Assim, estão previstos legalmente mecanismos e direitos de proteção dos trabalhadores das empresas insolventes.
 

O que é a insolvência das empresas?

A insolvência das empresas é declarada quando a mesma está impossibilitada de cumprir as suas obrigações. Segundo o artigo 47.º do Código da Insolvência e Recuperação das Empresas (CIRE), os trabalhadores, tal como, por exemplo, os fornecedores ou entidades financeiras, são considerados credores devendo por isso fazer uma reclamação de créditos. Refira-se que o processo de insolvência não significa obrigatoriamente que a empresa vai “encerrar portas”.
Segundo o artigo n.º 1 do CIRE, o processo de insolvência “tem como finalidade a satisfação dos credores pela forma prevista num plano de insolvência, na recuperação da empresa compreendida na massa insolvente, ou, quando tal não se afigure possível, na liquidação do património do devedor insolvente e a repartição do produto obtido pelos credores”. 
 

Direitos dos trabalhadores

Em caso de insolvência das empresas os trabalhadores têm os seguintes direitos:
 
  • De acordo com o artigo n.º 347 do Código do Trabalho (CT) a declaração de insolvência da empresa não significa a cessação dos contratos de trabalho, pois os trabalhadores continuam a possuir um vínculo jurídico-laboral com a empresa. Assim, cabe ao Administrador de Insolvência (AI) continuar o pagamento integral das remunerações, enquanto a empresa não for definitivamente encerrada.
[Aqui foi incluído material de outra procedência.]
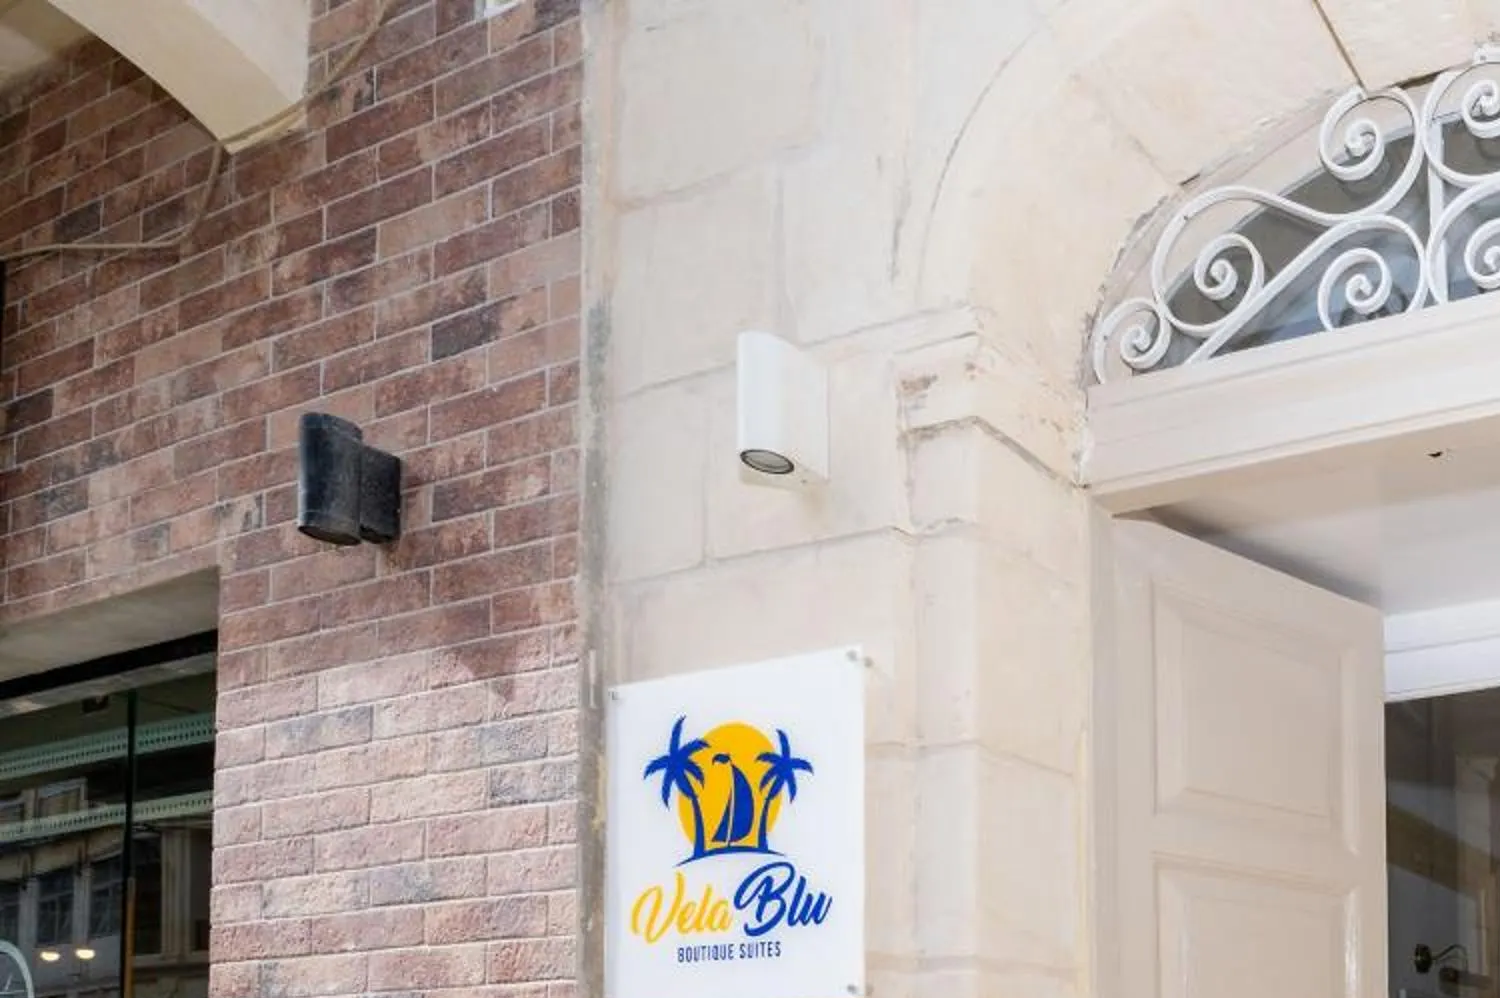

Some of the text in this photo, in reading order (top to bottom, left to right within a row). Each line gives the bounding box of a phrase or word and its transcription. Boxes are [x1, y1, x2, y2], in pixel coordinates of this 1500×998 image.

No entanto, segundo o mesmo artigo do CT, o AI pode cessar o contrato de trabalho dos trabalhadores que não sejam indispensáveis à atividade da empresa;

  • Segundo o artigo n.º 333 do CT, os trabalhadores têm prioridade sobre outros credores (por exemplo, fornecedores e bancos) na satisfação dos seus créditos através da venda dos bens móveis que a empresa possua (denominado pela lei de privilégio creditório mobiliário geral);

  • Se o trabalhador for detentor de créditos laborais sobre a insolvência e não detém outro meio de subsistência, para além do que deixou de poder angariar pelo seu trabalho, pode requerer junto do AI um subsídio a título de alimentos, retirado da massa insolvente (artigo n.º 84 do CIRE);

  • Na insolvência das empresas, a lei permite ainda que os trabalhadores com remunerações em atraso recorram ao Fundo de Garantia Salarial (artigo n.º 336 do CT), um apoio que garante o pagamento desses créditos laborais vencidos nos seis meses precedentes à data de início do processo de insolvência;

  • Se a empresa encerrar o trabalhador entrará numa situação de desemprego involuntário, tendo, por isso, direito ao subsídio de desemprego, caso cumpra os requisitos para o requerer.